PROBLEM STATEMENT: The expected output is the complete data, reproduced exactly.

** Opening DATA TO EXAMINE block **

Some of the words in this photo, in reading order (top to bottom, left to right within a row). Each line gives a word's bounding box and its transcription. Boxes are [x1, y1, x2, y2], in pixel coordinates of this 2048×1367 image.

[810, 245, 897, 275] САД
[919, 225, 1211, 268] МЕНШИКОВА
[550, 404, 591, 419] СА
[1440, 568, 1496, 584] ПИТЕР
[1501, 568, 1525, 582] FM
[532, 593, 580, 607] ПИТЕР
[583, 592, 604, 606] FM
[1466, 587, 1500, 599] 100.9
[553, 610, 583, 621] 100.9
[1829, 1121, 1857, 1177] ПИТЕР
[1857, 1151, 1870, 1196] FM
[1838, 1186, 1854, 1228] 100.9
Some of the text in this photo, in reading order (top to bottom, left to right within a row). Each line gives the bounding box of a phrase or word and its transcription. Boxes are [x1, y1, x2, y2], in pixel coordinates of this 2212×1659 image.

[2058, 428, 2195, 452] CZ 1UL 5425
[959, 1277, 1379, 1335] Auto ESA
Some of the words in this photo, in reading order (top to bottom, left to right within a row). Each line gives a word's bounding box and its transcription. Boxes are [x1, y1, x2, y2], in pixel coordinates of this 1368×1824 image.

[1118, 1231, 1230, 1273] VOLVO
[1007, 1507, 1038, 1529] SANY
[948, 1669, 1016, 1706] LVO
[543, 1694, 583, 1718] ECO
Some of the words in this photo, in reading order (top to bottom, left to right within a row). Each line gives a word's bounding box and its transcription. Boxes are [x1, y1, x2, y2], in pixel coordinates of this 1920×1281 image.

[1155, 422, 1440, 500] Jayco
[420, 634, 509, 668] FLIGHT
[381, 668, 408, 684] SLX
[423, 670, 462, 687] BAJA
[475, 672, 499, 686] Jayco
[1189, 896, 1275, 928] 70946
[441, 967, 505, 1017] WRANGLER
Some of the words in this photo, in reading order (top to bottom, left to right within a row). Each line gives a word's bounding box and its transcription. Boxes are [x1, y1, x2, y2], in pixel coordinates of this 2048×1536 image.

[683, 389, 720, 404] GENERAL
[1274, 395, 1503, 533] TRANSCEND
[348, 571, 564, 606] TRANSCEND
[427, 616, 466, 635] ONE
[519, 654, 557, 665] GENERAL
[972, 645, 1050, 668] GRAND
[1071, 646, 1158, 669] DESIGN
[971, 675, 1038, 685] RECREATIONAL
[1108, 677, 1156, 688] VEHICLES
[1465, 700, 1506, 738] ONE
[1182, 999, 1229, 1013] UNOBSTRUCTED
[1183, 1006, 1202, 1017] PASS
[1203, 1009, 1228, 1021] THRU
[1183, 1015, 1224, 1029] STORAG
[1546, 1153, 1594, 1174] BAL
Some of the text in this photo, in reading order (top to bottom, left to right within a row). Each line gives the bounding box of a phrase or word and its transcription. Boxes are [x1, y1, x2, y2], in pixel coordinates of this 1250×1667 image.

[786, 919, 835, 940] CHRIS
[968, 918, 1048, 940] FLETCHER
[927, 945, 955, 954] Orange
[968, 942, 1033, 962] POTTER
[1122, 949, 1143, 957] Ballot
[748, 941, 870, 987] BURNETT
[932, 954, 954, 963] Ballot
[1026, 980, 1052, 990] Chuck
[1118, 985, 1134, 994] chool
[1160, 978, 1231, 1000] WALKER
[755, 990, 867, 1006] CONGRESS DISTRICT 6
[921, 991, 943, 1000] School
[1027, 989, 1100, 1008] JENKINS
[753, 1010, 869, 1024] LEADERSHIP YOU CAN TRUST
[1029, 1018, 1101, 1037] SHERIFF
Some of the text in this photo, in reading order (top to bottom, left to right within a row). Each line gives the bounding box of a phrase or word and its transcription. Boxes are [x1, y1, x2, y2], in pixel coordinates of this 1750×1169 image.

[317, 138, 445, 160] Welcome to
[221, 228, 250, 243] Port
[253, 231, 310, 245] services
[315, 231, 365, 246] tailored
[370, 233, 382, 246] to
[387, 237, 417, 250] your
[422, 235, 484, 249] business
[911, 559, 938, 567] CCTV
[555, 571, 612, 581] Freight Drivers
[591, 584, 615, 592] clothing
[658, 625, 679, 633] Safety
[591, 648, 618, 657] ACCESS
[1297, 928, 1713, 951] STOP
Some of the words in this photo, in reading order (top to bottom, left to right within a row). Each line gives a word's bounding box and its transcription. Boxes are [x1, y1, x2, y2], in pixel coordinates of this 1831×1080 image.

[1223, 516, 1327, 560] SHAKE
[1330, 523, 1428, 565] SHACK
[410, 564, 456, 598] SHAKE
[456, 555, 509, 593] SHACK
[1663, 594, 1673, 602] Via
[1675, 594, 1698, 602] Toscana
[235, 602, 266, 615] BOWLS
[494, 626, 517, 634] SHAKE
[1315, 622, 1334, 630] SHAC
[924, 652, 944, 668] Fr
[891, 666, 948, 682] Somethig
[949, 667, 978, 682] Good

** Closing DATA TO EXAMINE block **

EXERCISE RESPONSE:
Some of the words in this photo, in reading order (top to bottom, left to right within a row). Each line gives a word's bounding box and its transcription. Boxes are [x1, y1, x2, y2], in pixel coordinates of this 2048×1367 image.

[810, 245, 897, 275] САД
[919, 225, 1211, 268] МЕНШИКОВА
[550, 404, 591, 419] СА
[1440, 568, 1496, 584] ПИТЕР
[1501, 568, 1525, 582] FM
[532, 593, 580, 607] ПИТЕР
[583, 592, 604, 606] FM
[1466, 587, 1500, 599] 100.9
[553, 610, 583, 621] 100.9
[1829, 1121, 1857, 1177] ПИТЕР
[1857, 1151, 1870, 1196] FM
[1838, 1186, 1854, 1228] 100.9
Some of the text in this photo, in reading order (top to bottom, left to right within a row). Each line gives the bounding box of a phrase or word and its transcription. Boxes are [x1, y1, x2, y2], in pixel coordinates of this 2212×1659 image.

[2058, 428, 2195, 452] CZ 1UL 5425
[959, 1277, 1379, 1335] Auto ESA
Some of the words in this photo, in reading order (top to bottom, left to right within a row). Each line gives a word's bounding box and its transcription. Boxes are [x1, y1, x2, y2], in pixel coordinates of this 1368×1824 image.

[1118, 1231, 1230, 1273] VOLVO
[1007, 1507, 1038, 1529] SANY
[948, 1669, 1016, 1706] LVO
[543, 1694, 583, 1718] ECO
Some of the words in this photo, in reading order (top to bottom, left to right within a row). Each line gives a word's bounding box and its transcription. Boxes are [x1, y1, x2, y2], in pixel coordinates of this 1920×1281 image.

[1155, 422, 1440, 500] Jayco
[420, 634, 509, 668] FLIGHT
[381, 668, 408, 684] SLX
[423, 670, 462, 687] BAJA
[475, 672, 499, 686] Jayco
[1189, 896, 1275, 928] 70946
[441, 967, 505, 1017] WRANGLER
Some of the words in this photo, in reading order (top to bottom, left to right within a row). Each line gives a word's bounding box and its transcription. Boxes are [x1, y1, x2, y2], in pixel coordinates of this 2048×1536 image.

[683, 389, 720, 404] GENERAL
[1274, 395, 1503, 533] TRANSCEND
[348, 571, 564, 606] TRANSCEND
[427, 616, 466, 635] ONE
[519, 654, 557, 665] GENERAL
[972, 645, 1050, 668] GRAND
[1071, 646, 1158, 669] DESIGN
[971, 675, 1038, 685] RECREATIONAL
[1108, 677, 1156, 688] VEHICLES
[1465, 700, 1506, 738] ONE
[1182, 999, 1229, 1013] UNOBSTRUCTED
[1183, 1006, 1202, 1017] PASS
[1203, 1009, 1228, 1021] THRU
[1183, 1015, 1224, 1029] STORAG
[1546, 1153, 1594, 1174] BAL
Some of the text in this photo, in reading order (top to bottom, left to right within a row). Each line gives the bounding box of a phrase or word and its transcription. Boxes are [x1, y1, x2, y2], in pixel coordinates of this 1250×1667 image.

[786, 919, 835, 940] CHRIS
[968, 918, 1048, 940] FLETCHER
[927, 945, 955, 954] Orange
[968, 942, 1033, 962] POTTER
[1122, 949, 1143, 957] Ballot
[748, 941, 870, 987] BURNETT
[932, 954, 954, 963] Ballot
[1026, 980, 1052, 990] Chuck
[1118, 985, 1134, 994] chool
[1160, 978, 1231, 1000] WALKER
[755, 990, 867, 1006] CONGRESS DISTRICT 6
[921, 991, 943, 1000] School
[1027, 989, 1100, 1008] JENKINS
[753, 1010, 869, 1024] LEADERSHIP YOU CAN TRUST
[1029, 1018, 1101, 1037] SHERIFF
Some of the text in this photo, in reading order (top to bottom, left to right within a row). Each line gives the bounding box of a phrase or word and its transcription. Boxes are [x1, y1, x2, y2], in pixel coordinates of this 1750×1169 image.

[317, 138, 445, 160] Welcome to
[221, 228, 250, 243] Port
[253, 231, 310, 245] services
[315, 231, 365, 246] tailored
[370, 233, 382, 246] to
[387, 237, 417, 250] your
[422, 235, 484, 249] business
[911, 559, 938, 567] CCTV
[555, 571, 612, 581] Freight Drivers
[591, 584, 615, 592] clothing
[658, 625, 679, 633] Safety
[591, 648, 618, 657] ACCESS
[1297, 928, 1713, 951] STOP
Some of the words in this photo, in reading order (top to bottom, left to right within a row). Each line gives a word's bounding box and its transcription. Boxes are [x1, y1, x2, y2], in pixel coordinates of this 1831×1080 image.

[1223, 516, 1327, 560] SHAKE
[1330, 523, 1428, 565] SHACK
[410, 564, 456, 598] SHAKE
[456, 555, 509, 593] SHACK
[1663, 594, 1673, 602] Via
[1675, 594, 1698, 602] Toscana
[235, 602, 266, 615] BOWLS
[494, 626, 517, 634] SHAKE
[1315, 622, 1334, 630] SHAC
[924, 652, 944, 668] Fr
[891, 666, 948, 682] Somethig
[949, 667, 978, 682] Good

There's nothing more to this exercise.